Asistí en la ciudad de Priego de Córdoba a algunas de las charlas del IV Congreso Nacional de Marketing Turístico. En realidad fue una magnífica ocasión para escuchar de cerca a algunos de los factótums de la red social Turismo 2.0, encabezados por su creador Albert Barra. Creo que las presentaciones estarán pronto en algún canal, por lo que me limitaré a introducir algunas impresiones personales. El mensaje estrella es la oportunidad, de no dejar perder el tren de las redes sociales que de manera tan rotunda han extendido las nuevas tecnologías y la sociedad del conocimiento. Oportunidad para pequeñas iniciativas hoteleras que pueden ofrecer una buena dosis imaginativa y entablar un cuerpo a cuerpo con el cliente, como mostraron Jimmy Pons o Edu William. Social, social, se trata de un fenómeno social, repite hasta la médula Albert Barra, un tipo que derrocha tanta dosis de inteligencia como de buen humor. No en vano, los profetas de la red social sitúan el humor, como los servicios express o la sinergia colaborativa como hitos del nuevo paradigma turístico, el turismo de la experiencia y las emociones.

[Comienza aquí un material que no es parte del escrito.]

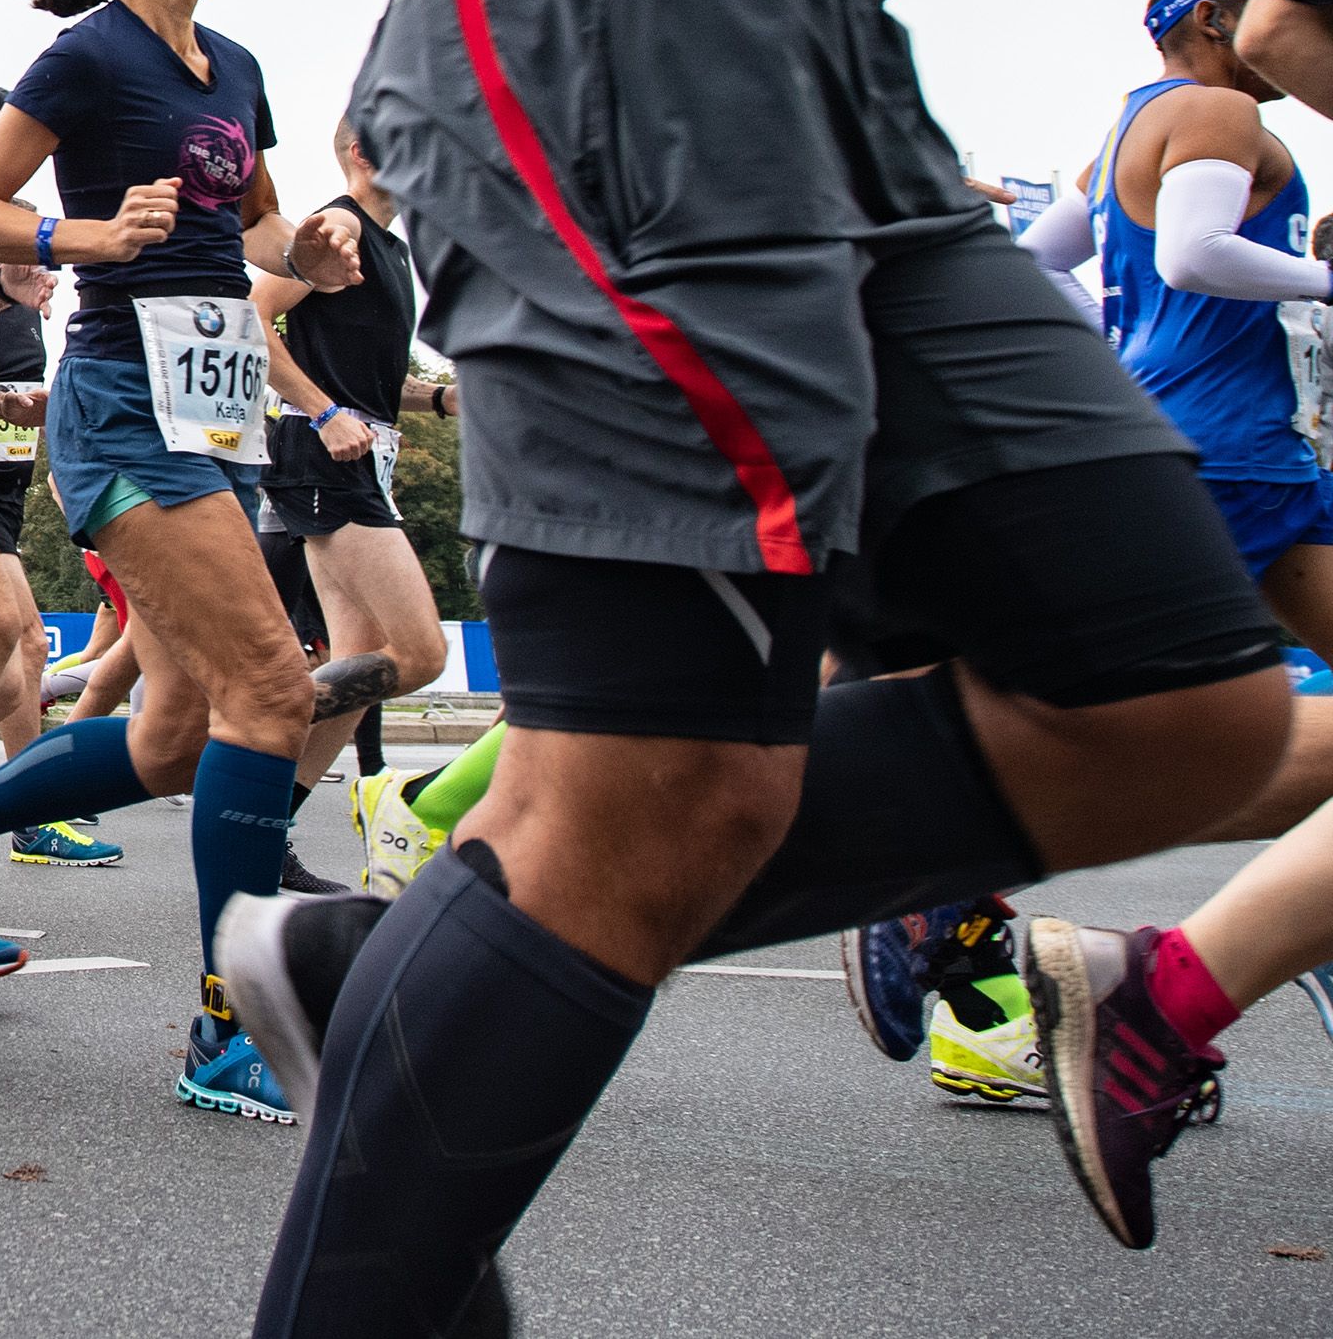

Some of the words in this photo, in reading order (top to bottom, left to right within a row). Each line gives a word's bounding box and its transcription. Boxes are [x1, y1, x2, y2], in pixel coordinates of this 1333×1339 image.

Me sentí en la misma nube que cuando comencé a leer a los vectores de la democracia cultural hace unas décadas  o a los animadores de la sociedad infonomista,  con Alfons Cornellá a la cabeza hace ahora otra década, y ahora a estos propagadores de las redes sociales por doquier.

Pocas veces oí en medio de ese mensaje un análisis integral del mundo en que vivimos. Fuera para llevar la gente a la FNAC, convocar encuentros de creación colectiva mileuristas –por el precio de la inscripción- o transformar de manera creativa la prestación de los servicios turísticos, siempre escuché un análisis económico. Sólo una constatación, ninguna crítica. Pero poco social por mucho que las redes inteligentes se hayan bien apropiado el nombre, salvo en la difusión social del consumo.  ¿O acaso lo social se circunscribe a las colas para reservar un teléfono o al número de conexiones? ¿Es ese también el hecho social del turismo? ¿Habrá un reparto más igualitario del tiempo libre o aumentan las horas de trabajo? ¿Habrá alguna moratoria que evite seguir aumentando los excesos o se plantarán nuevos Dubais para castigar mientras tanto penalmente a los que se aman en sus playas? ¿Se repartirá entre los vecinos la plusvalía turística de los centros urbanos? ¿Se pagará con dinero público el incremento del derroche ambiental de los nuevos aeropuertos? En mi opinión la red social tiene que extenderse completa para dejar ver sus agujeros. A los que tampoco hay que tener miedo y que efectivamente el cliente ve, cuando no anda dormido.

Todos estos hitos postcapitalistas viajan hablando de revolución, mientras el mundo anda resfriado. Que la economía está enredada en banda ancha no cabe duda, que los códigos de comunicación cambiaron, y lo hicieron los hábitos de compra y los nombres más usados. También. Pero de ahí a afirmar con rotundidad que el viajero toma la decisión, el proveedor de una industria pesada como la turística produce al instante el servicio deseado y ambos se entienden en una red social, o que los destinos se entrelazan unidos por sus productos más allá de las fronteras, y los actores públicos y privados se funden en un abrazo, queda me temo un poco trecho, en una industria donde ni la sostenibilidad ambiental ni humana –la de las personas que trabajan- está entre las prioridades. Y que conste, que me gustan las nubes de algodón.